What is needed: Retype each entry exactly. Skip any pictures.

Segment Start: Material to process

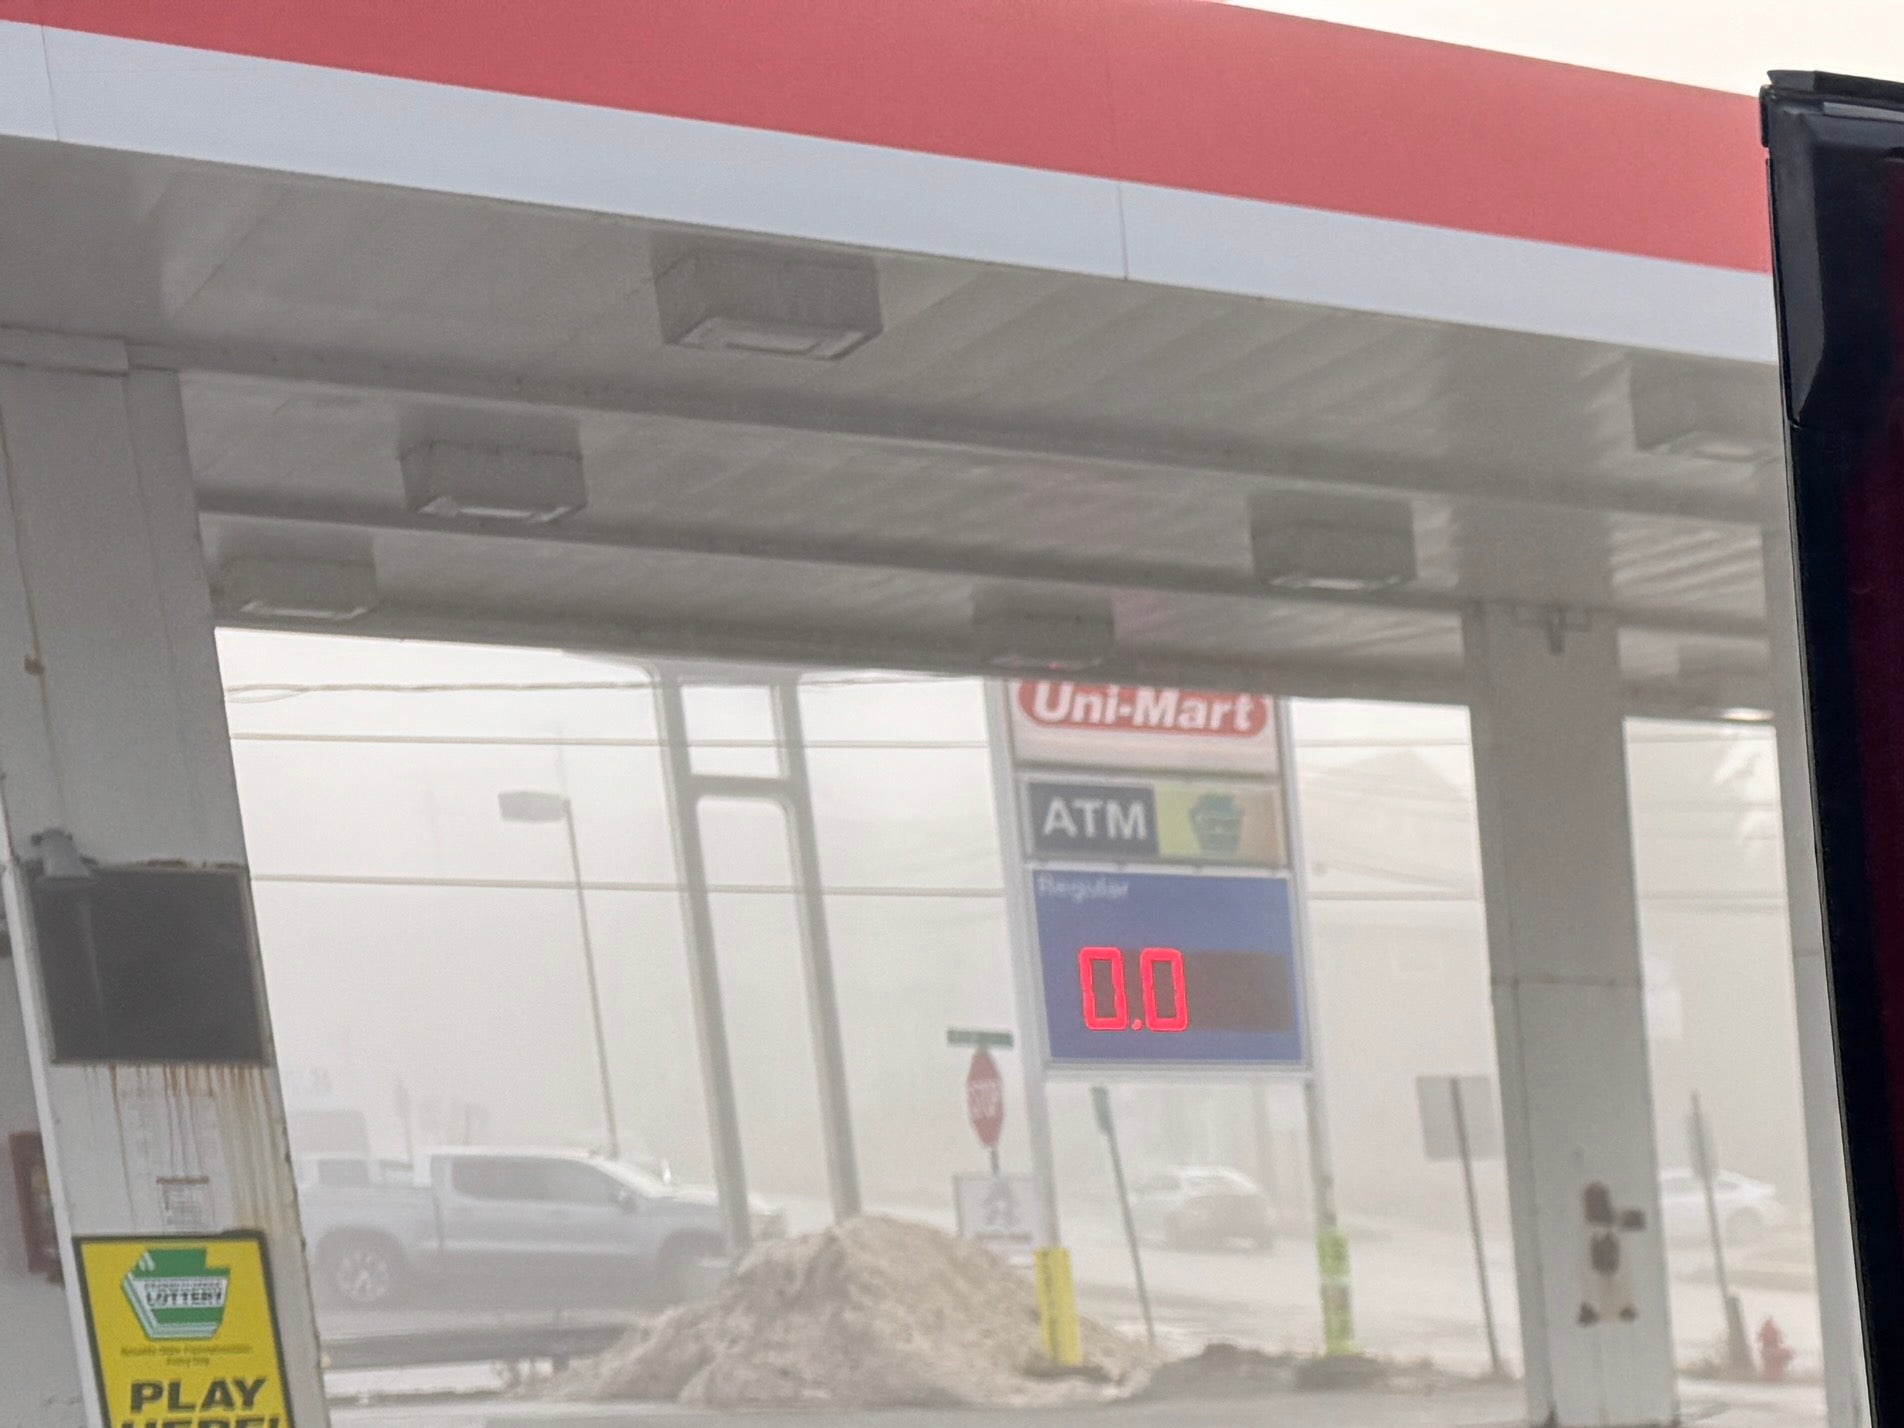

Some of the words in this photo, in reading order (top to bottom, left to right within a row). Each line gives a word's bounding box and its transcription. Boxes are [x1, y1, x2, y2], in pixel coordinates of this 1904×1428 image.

[1032, 681, 1254, 731] Uni-Mart
[1042, 797, 1148, 841] ATM
[1037, 873, 1130, 903] Regular
[130, 1376, 268, 1414] PLAY
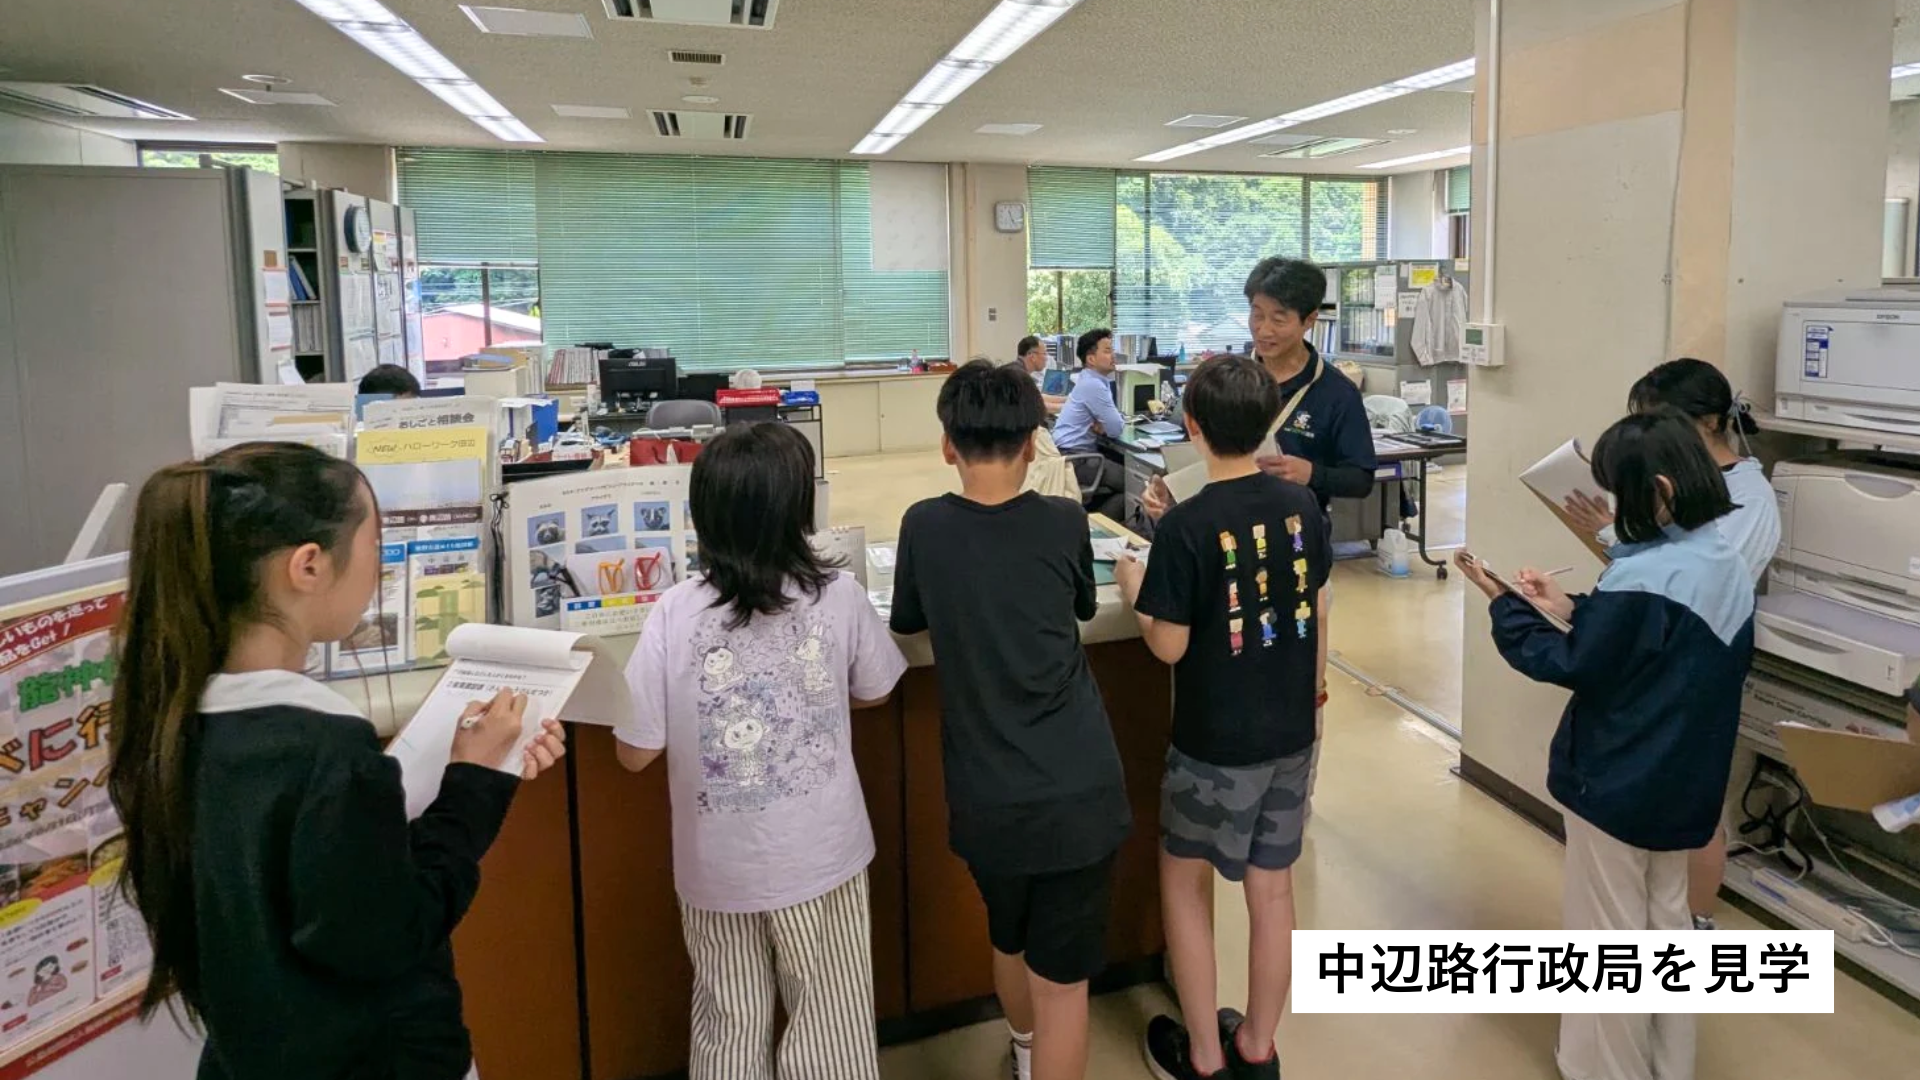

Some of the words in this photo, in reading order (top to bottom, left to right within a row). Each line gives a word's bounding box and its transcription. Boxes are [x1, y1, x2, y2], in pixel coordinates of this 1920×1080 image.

Segment End: Material to process

Result:
Some of the words in this photo, in reading order (top to bottom, left to right within a row). Each line gives a word's bounding box and its transcription. Boxes are [x1, y1, x2, y2], in pixel coordinates of this 1904×1428 image.

[1032, 681, 1254, 731] Uni-Mart
[1042, 797, 1148, 841] ATM
[1037, 873, 1130, 903] Regular
[130, 1376, 268, 1414] PLAY

Some of the words in this photo, in reading order (top to bottom, left to right within a row). Each line gives a word's bounding box and its transcription. Boxes are [x1, y1, x2, y2], in pixel coordinates of this 1920×1080 image.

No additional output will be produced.